Washington's Republican establishment fought back. While Chafee may be a rebel in the Senate, party leaders saw him as the GOP's only chance to keep the seat in Republican hands. Sen. Elizabeth Dole, the North Carolina Republican who heads the campaign arm of Senate Republicans, has said the national party would not put any campaign money into Rhode Island had Chafee lost yesterday, in effect ceding the seat to Democrats.
Pre-primary polling showed Chafee and Whitehouse locked in a tight general election contest.
Polls show Chafee's positions in line with the Rhode Island general election electorate; he is a supporter of legal abortion, gay rights and embryonic stem-cell research, an internationalist in foreign policy and is an anti-deficit, pay-as-you-go moderate on tax and spending programs.

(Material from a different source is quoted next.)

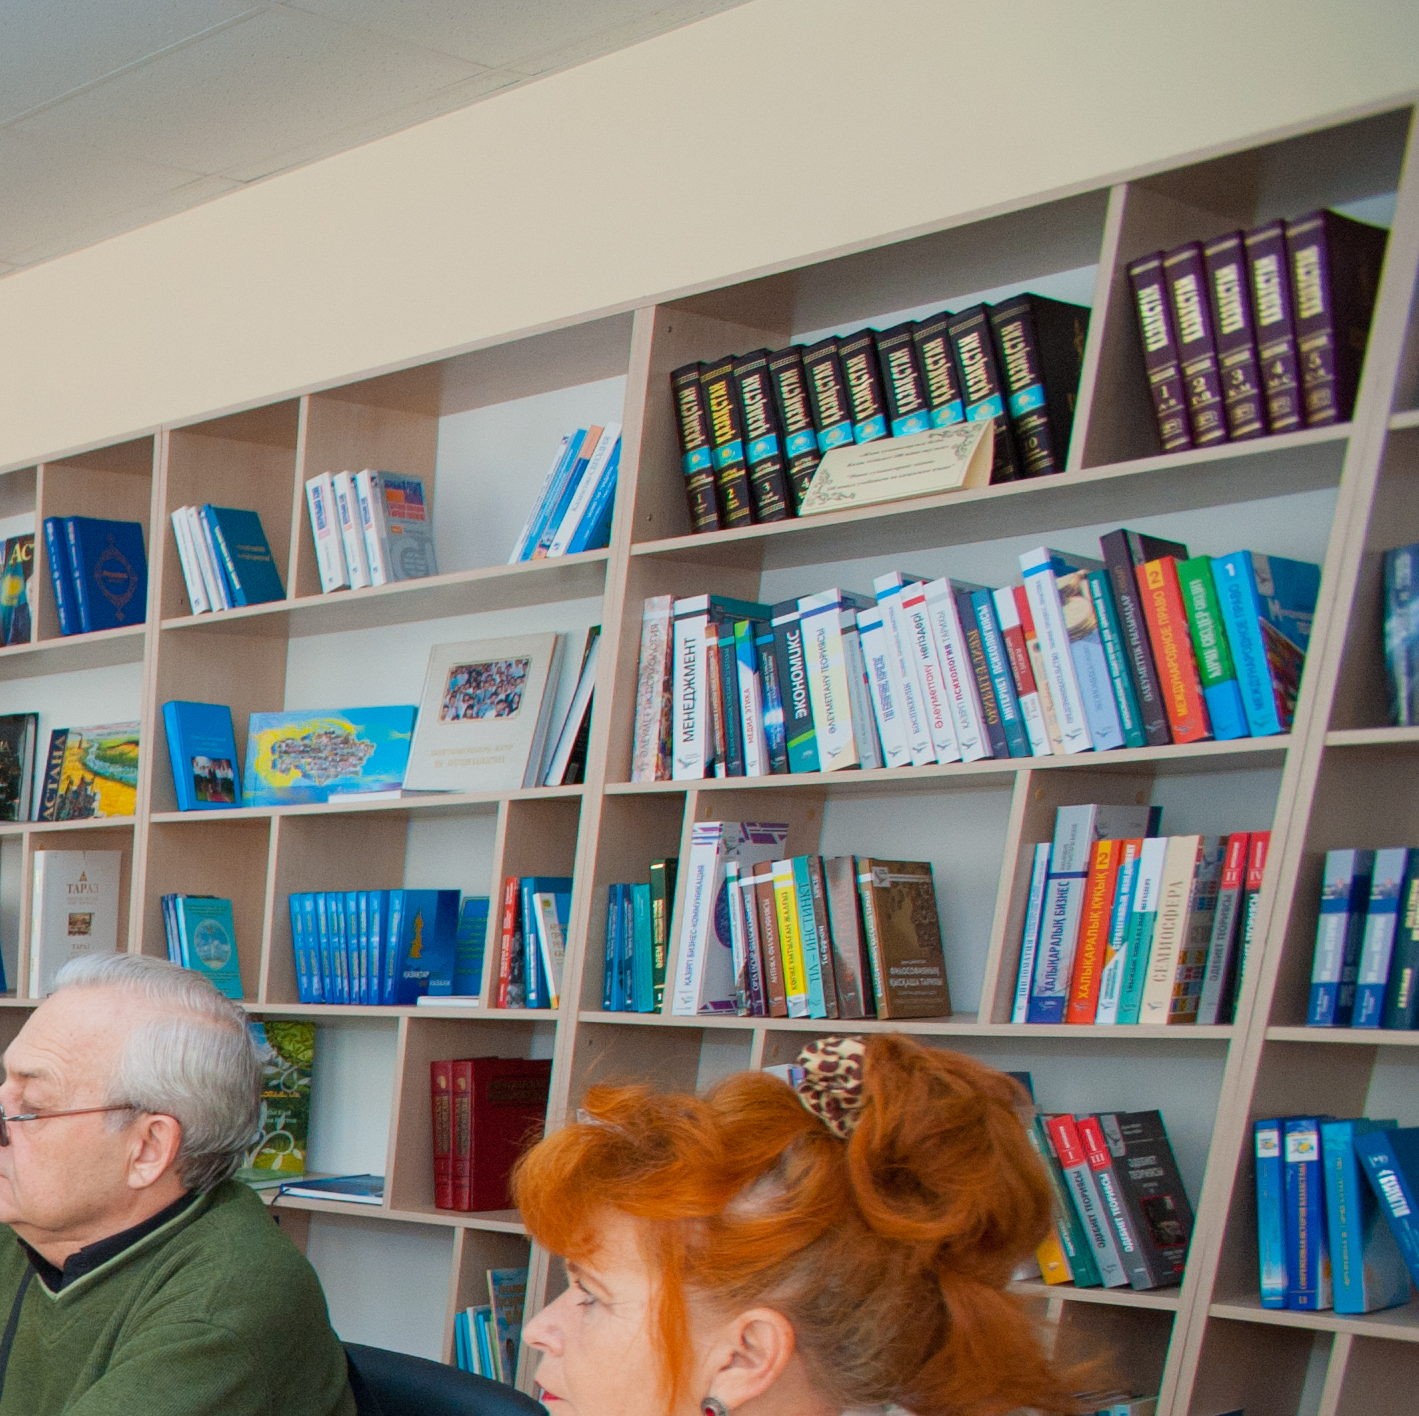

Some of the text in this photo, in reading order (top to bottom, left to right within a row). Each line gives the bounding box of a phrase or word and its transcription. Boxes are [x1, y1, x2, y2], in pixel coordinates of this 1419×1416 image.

But the angry conservative base of the GOP has developed a visceral loathing of Chafee that was never the case with his father, who had much the same political views as his son but was more pragmatic in dealings with fellow Republicans.
In an off-the-cuff concession speech last night, Laffey picked longtime friends and supporters out of the crowd and thanked them for knocking on doors with him for four years, since his first run for mayor.

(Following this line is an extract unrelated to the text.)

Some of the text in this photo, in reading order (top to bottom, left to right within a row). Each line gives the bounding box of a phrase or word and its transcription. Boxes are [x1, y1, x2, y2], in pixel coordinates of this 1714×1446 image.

What's next for Laffey? "Who knows?" he said, with a smile. "I liked making money; maybe I'll go back to that. . . . We had a lot of fun. It was never a labor. It was golf without the clubs."
As the hours dwindled to the 9 o'clock poll-closing hour last night, Whitehouse said he had no preference as to whom he ran against.
"They will both do the exact same things: go down to Washington, contribute to a Republican-controlled Senate and that will prevent any new change or new direction for the country," said Whitehouse.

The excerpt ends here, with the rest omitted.